Fig. 8.

Effect of inhibition of the MEK-ERK1/2 pathway on the recovery of ATP production rate following TBHP-induced injury in RPTC. RPTC were treated with TBHP (0.35 mM, 45 min), and samples were taken at different time points of the recovery period to assess ATP production rate. Controls were treated with the diluent (DMSO, 0.01%).

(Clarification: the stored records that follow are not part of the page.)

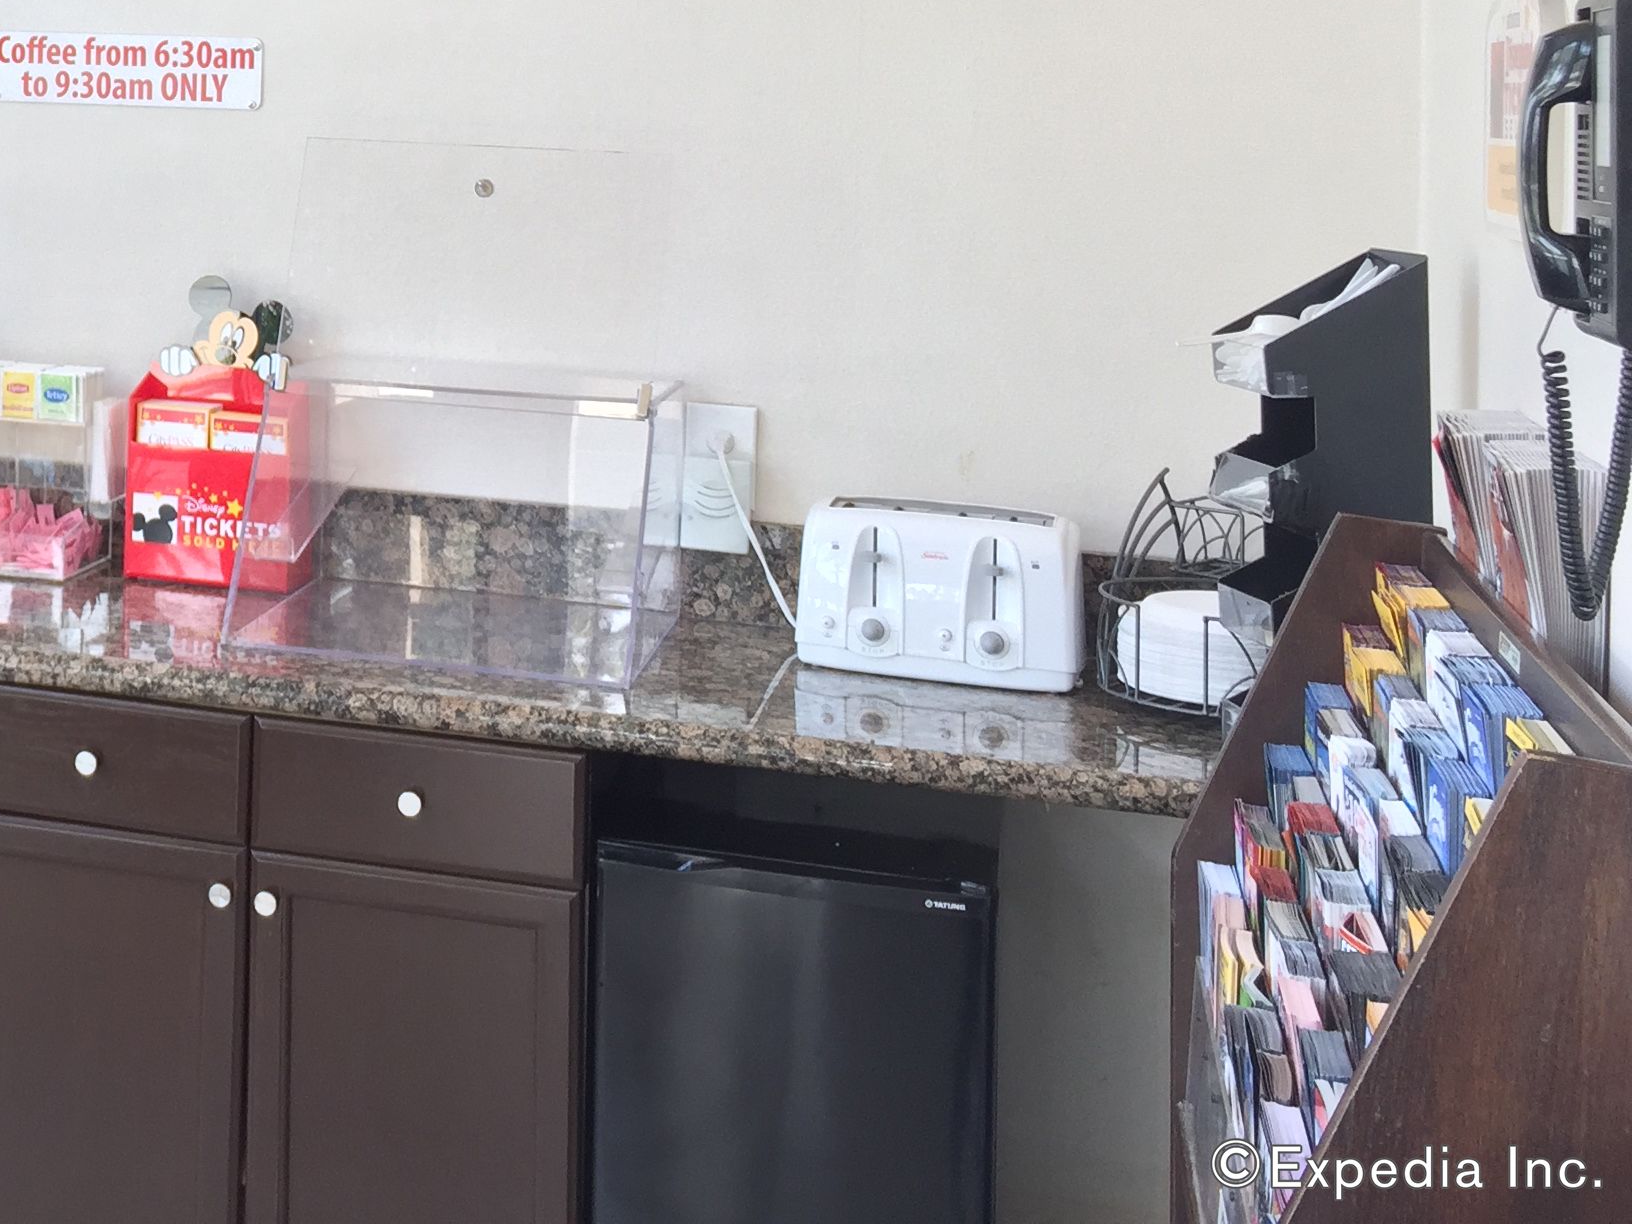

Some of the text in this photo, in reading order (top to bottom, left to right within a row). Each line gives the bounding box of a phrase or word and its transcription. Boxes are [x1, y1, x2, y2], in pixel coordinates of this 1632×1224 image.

[83, 37, 147, 67] from
[154, 40, 256, 70] 6:30am
[22, 70, 229, 103] to 9:30am ONLY
[182, 495, 226, 518] Disney
[181, 515, 282, 540] TICKETS
[183, 535, 225, 550] SOLD
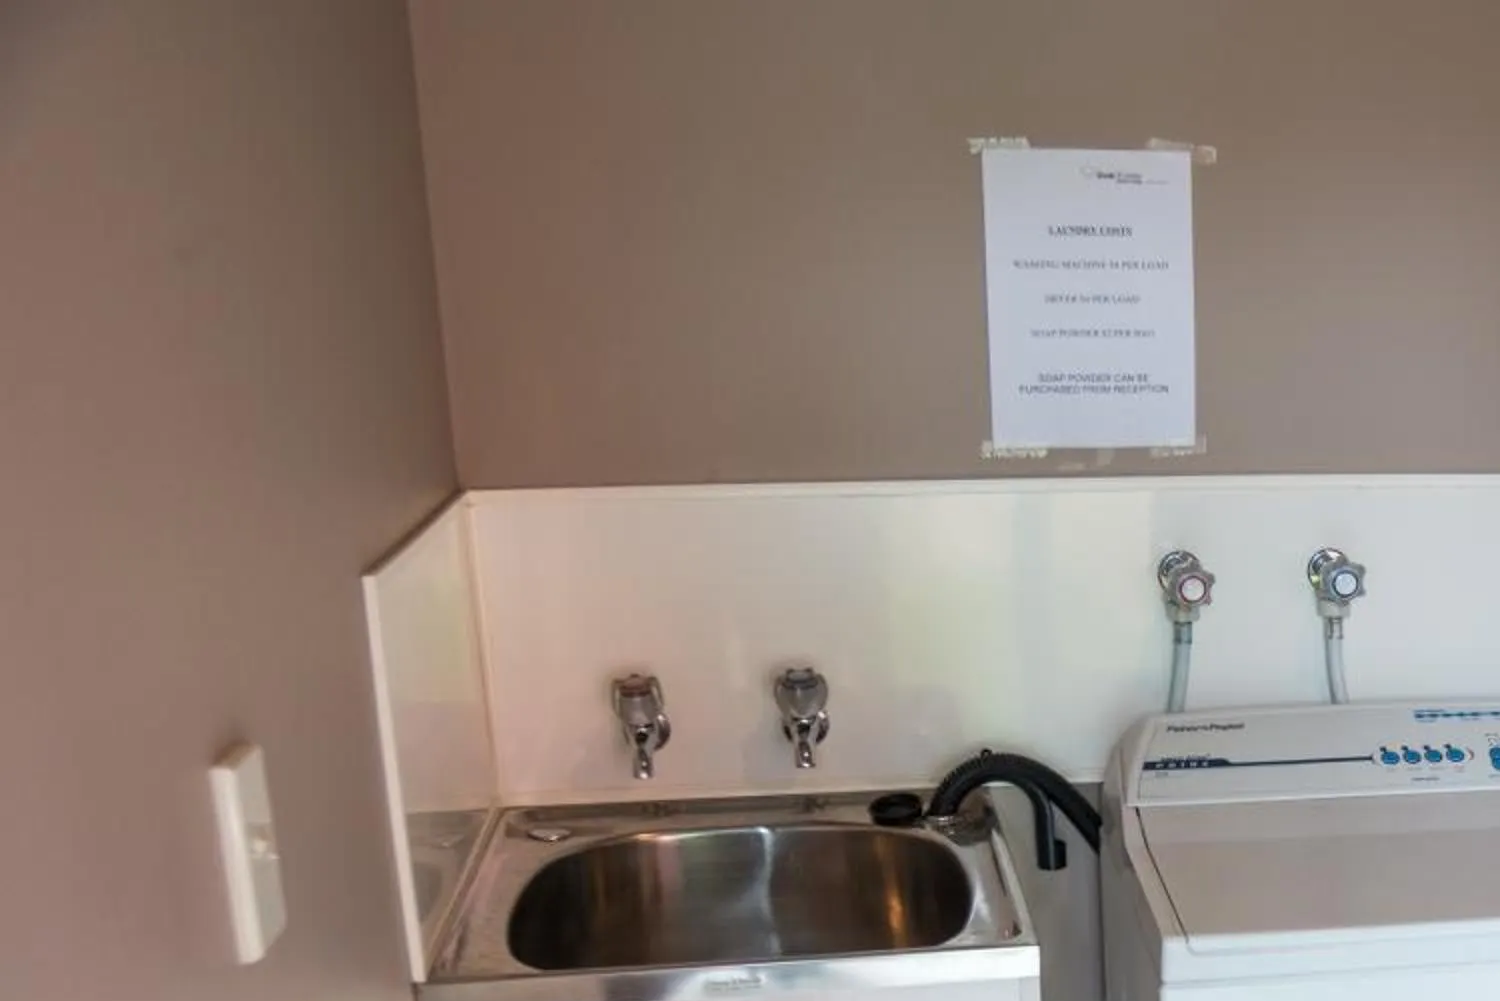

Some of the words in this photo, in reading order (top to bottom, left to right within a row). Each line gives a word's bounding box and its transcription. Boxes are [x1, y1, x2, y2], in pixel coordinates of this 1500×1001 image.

[1038, 373, 1066, 383] SOAP
[1068, 373, 1112, 383] POWDER
[1113, 373, 1135, 383] CAN
[1136, 373, 1149, 383] BE
[1018, 384, 1081, 395] PURCHASED
[1082, 384, 1111, 394] FROM
[1113, 384, 1170, 395] RECEPTION
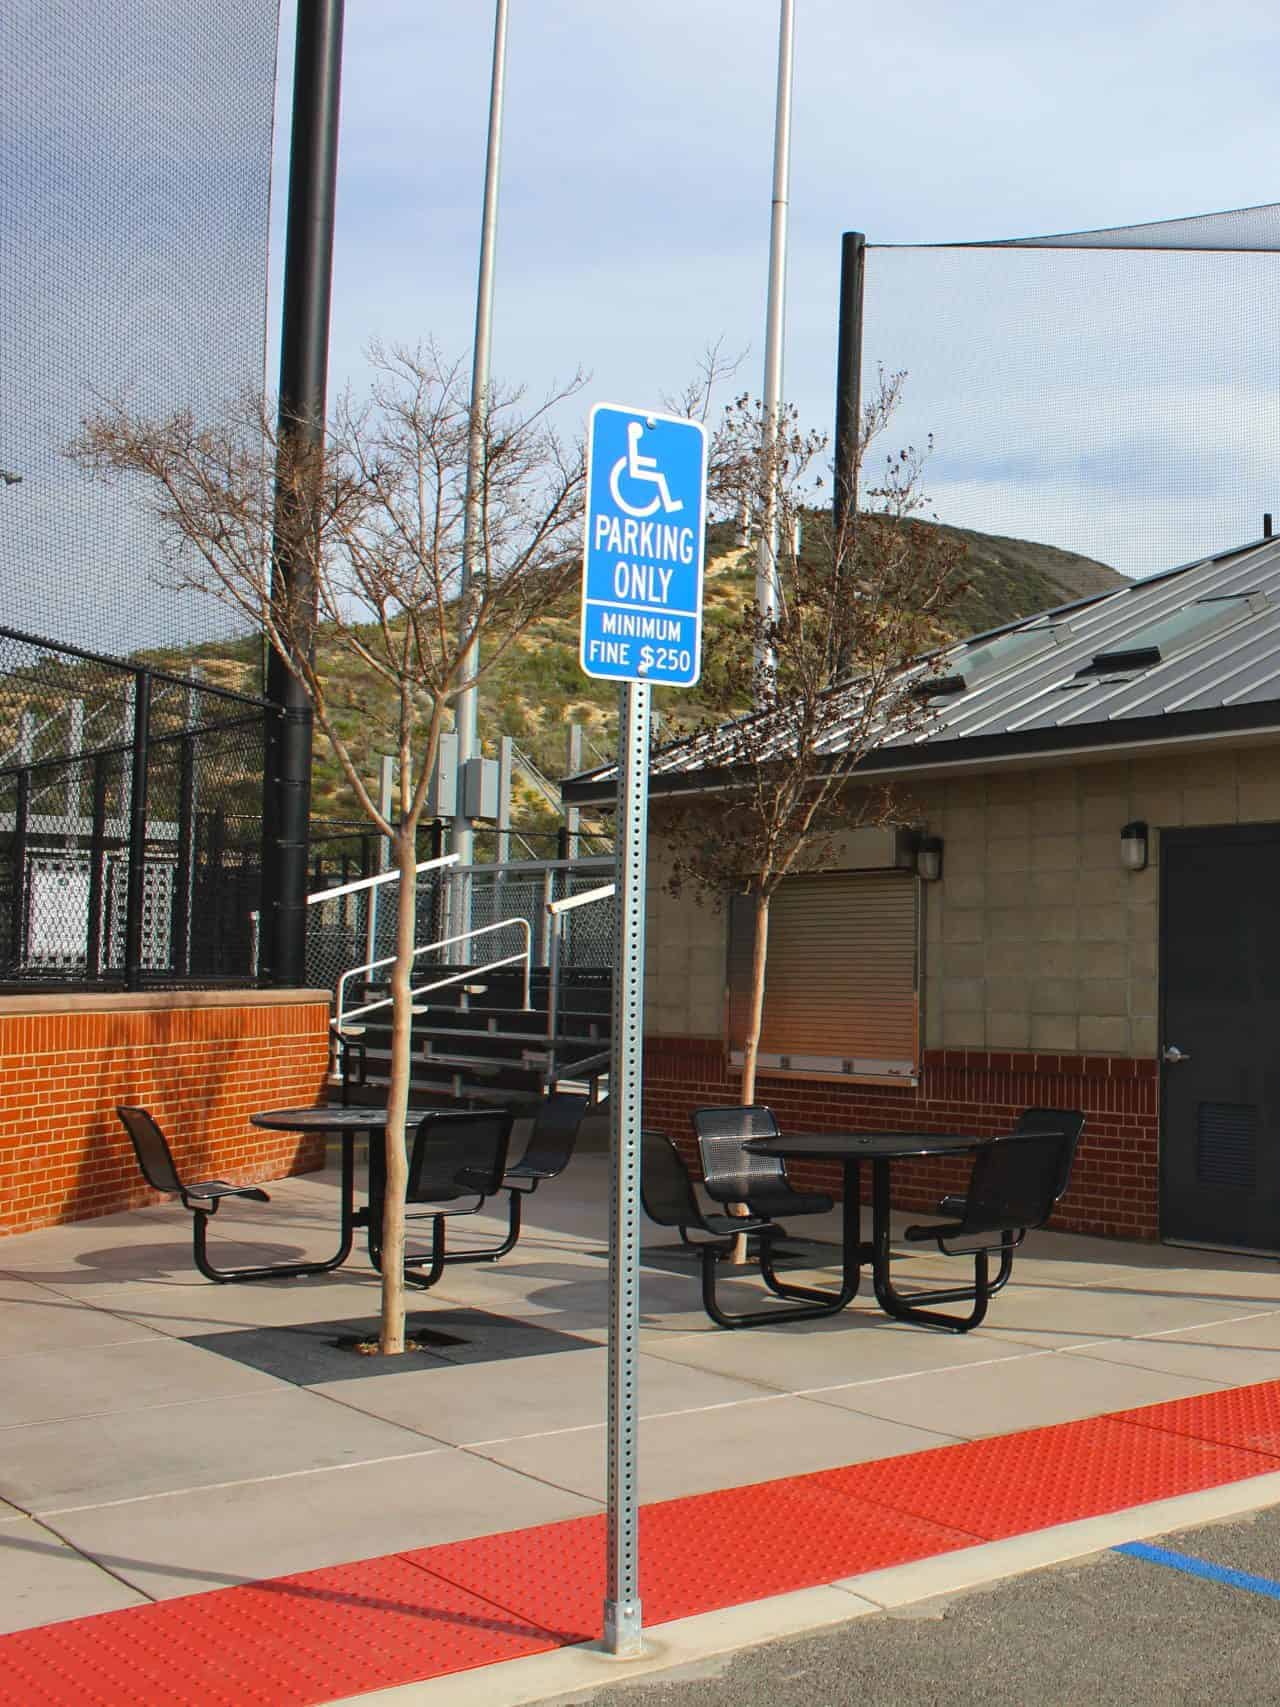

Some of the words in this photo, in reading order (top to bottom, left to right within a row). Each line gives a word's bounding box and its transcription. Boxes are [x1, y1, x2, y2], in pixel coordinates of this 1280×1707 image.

[595, 514, 694, 564] PARKING
[614, 561, 673, 604] ONLY
[602, 612, 682, 643] MINIMUM
[589, 639, 631, 665] FINE
[640, 645, 691, 672] $250
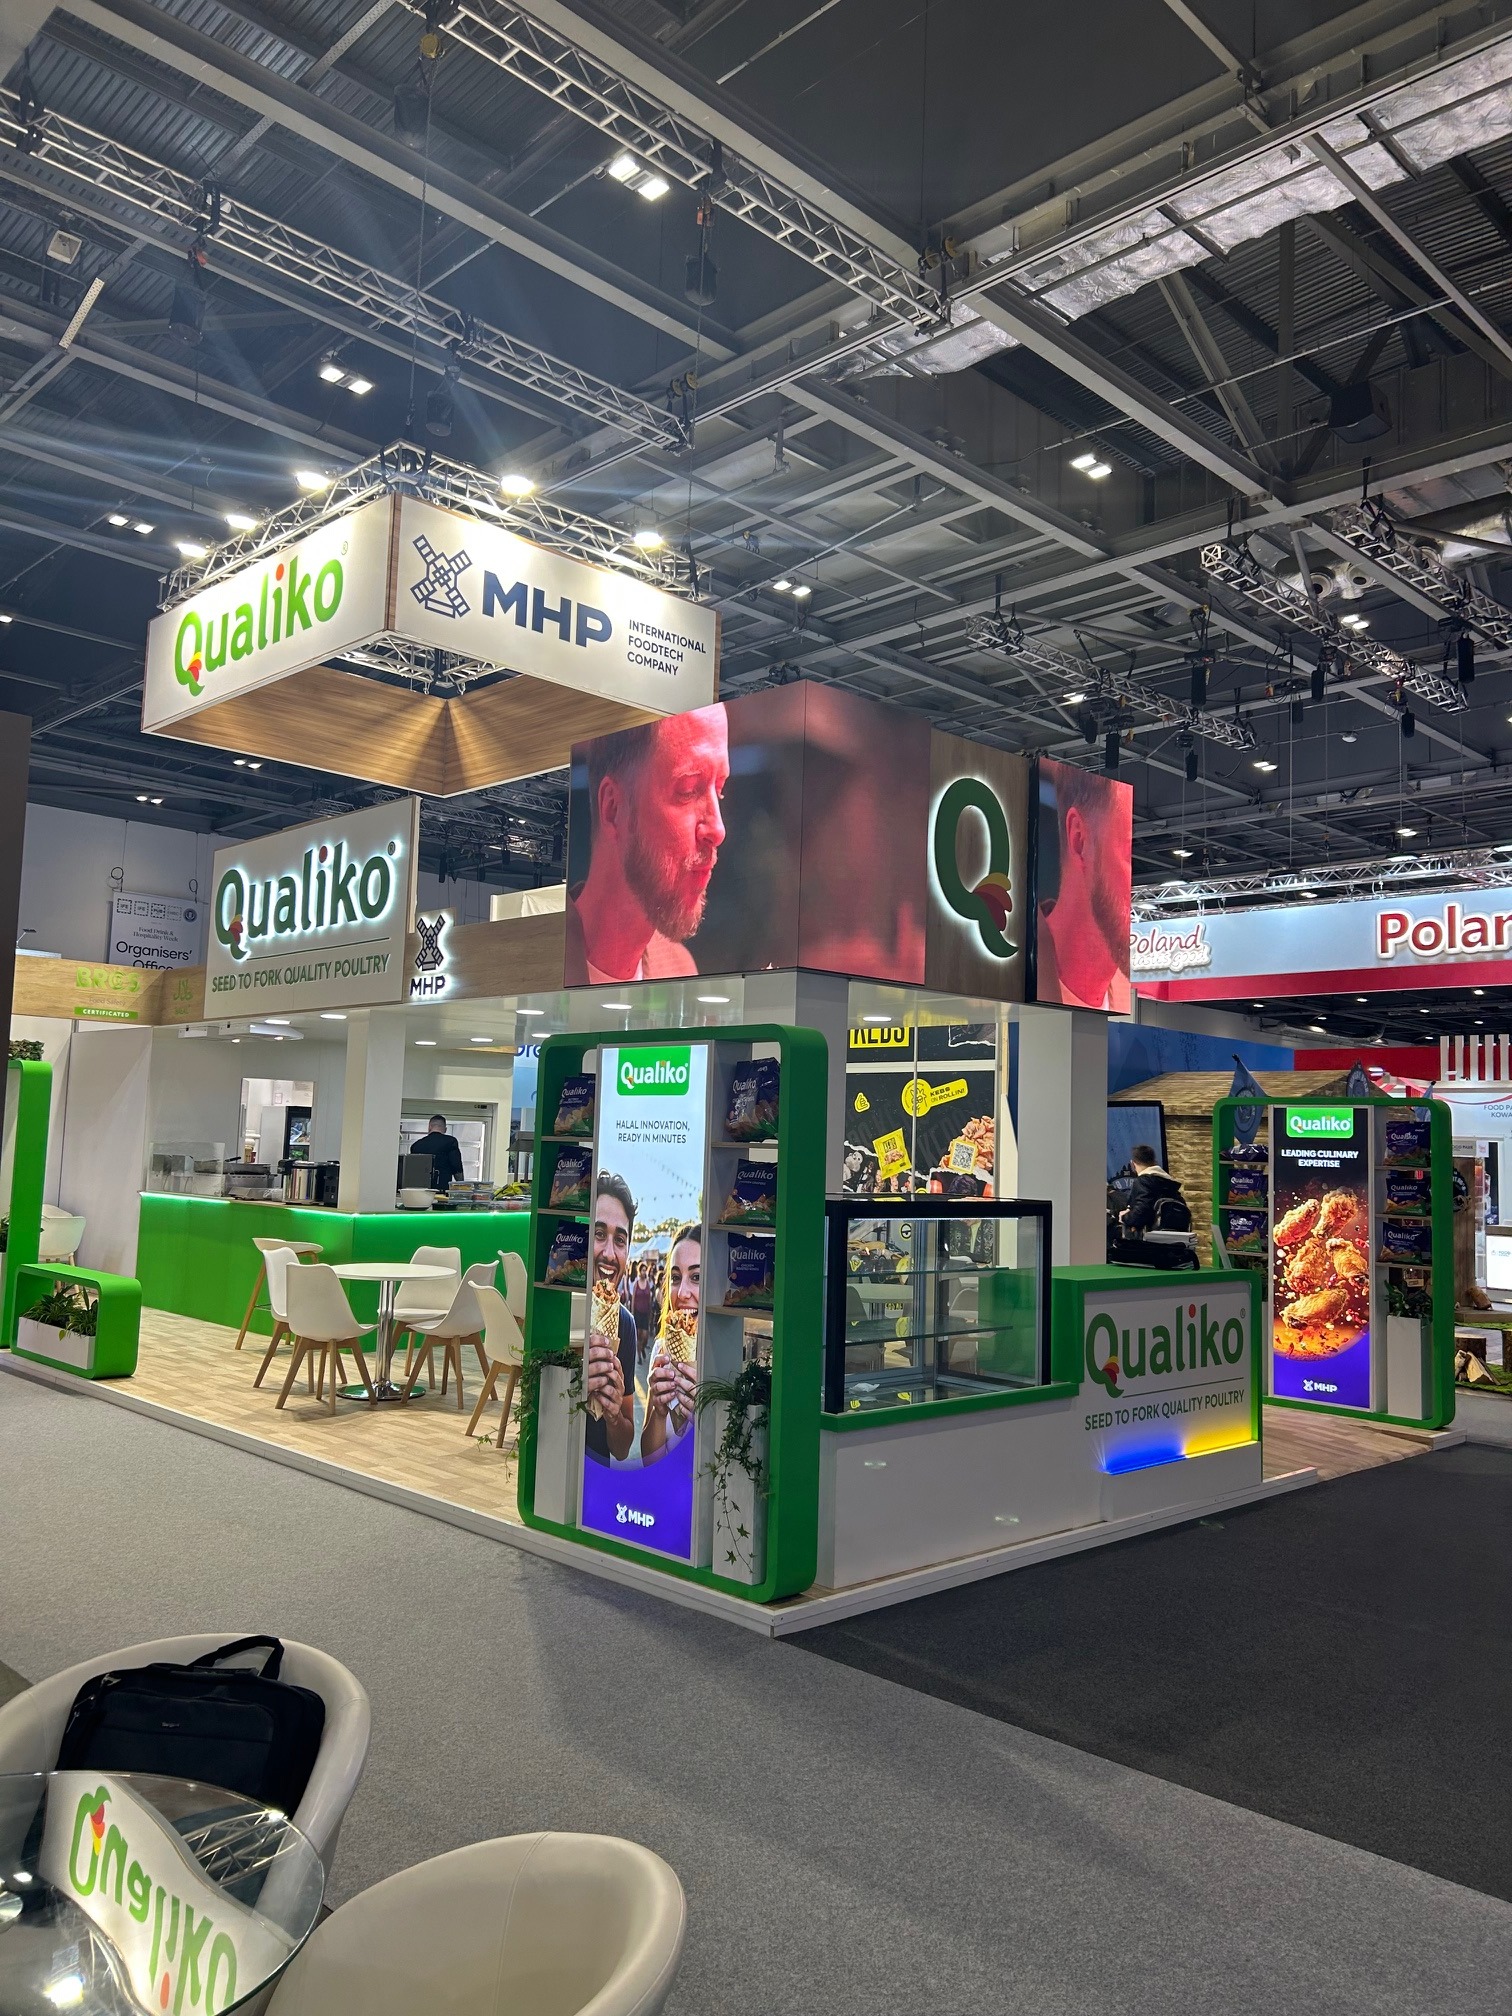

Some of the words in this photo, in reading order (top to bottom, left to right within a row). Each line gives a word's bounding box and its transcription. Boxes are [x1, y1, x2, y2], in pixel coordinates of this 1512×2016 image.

[482, 570, 613, 648] MHP
[174, 559, 343, 696] Qualiko
[629, 620, 706, 654] INTERNATIONAL
[628, 635, 683, 662] FOODTECH
[627, 651, 679, 676] COMPANY
[216, 842, 390, 960] Qualiko
[133, 932, 163, 940] Hospitality
[116, 941, 192, 960] Organisers'
[212, 975, 236, 993] SEED
[238, 973, 251, 990] TO
[253, 968, 281, 988] FORK
[284, 961, 332, 985] QUALITY
[334, 953, 390, 977] POULTRY
[410, 975, 446, 996] MHP
[83, 1009, 130, 1018] CERTIFICATED
[621, 1060, 687, 1090] Qualiko
[616, 1120, 639, 1129] HALAL
[640, 1120, 690, 1131] INNOVATION,
[1290, 1116, 1350, 1134] Qualiko
[618, 1133, 641, 1142] READY
[643, 1133, 651, 1142] IN
[652, 1134, 687, 1144] MINUTES
[1281, 1149, 1316, 1158] LEADING
[1317, 1150, 1359, 1159] CULINARY
[1298, 1159, 1340, 1168] EXPERTISE
[737, 1170, 774, 1180] Qualiko
[555, 1233, 584, 1244] Qualiko
[730, 1248, 766, 1262] Qualiko
[1086, 1303, 1244, 1398] Qualiko
[1313, 1382, 1338, 1392] MHP
[1084, 1412, 1113, 1431] SEED
[1115, 1409, 1130, 1425] TO
[1132, 1404, 1160, 1422] FORK
[1161, 1396, 1203, 1419] QUALITY
[1204, 1389, 1245, 1409] POULTRY
[628, 1509, 655, 1527] MHP

To inhibit ERK1/2 activation, RPTC were treated with 10 μM U0126 before TBHP exposure and after each daily media change starting from the media change to remove TBHP. ATP production rate was measured at 37°C in a buffer (120 mM KCl, 5 mM KH₂PO₄, 10 mM HEPES, 1 mM MgSO₄, and 2 mM EGTA, pH 7.4) containing digitonin (0.1 mg/ml), 5 mM glutamate, and 5 mM malate (electron donors to complex I) or 10 mM succinate (the electron donor to complex II) + 0.1 μM rotenone, and 2.0 mM ADP. A: ATP production coupled to complex I (using glutamate and malate as substrates). B: ATP production coupled to complex II (using succinate as a substrate). Results are average ± SE of 5 independent experiments (RPTC isolations). Values with dissimilar superscripts at a given time point are significantly different (P < 0.05) from each other.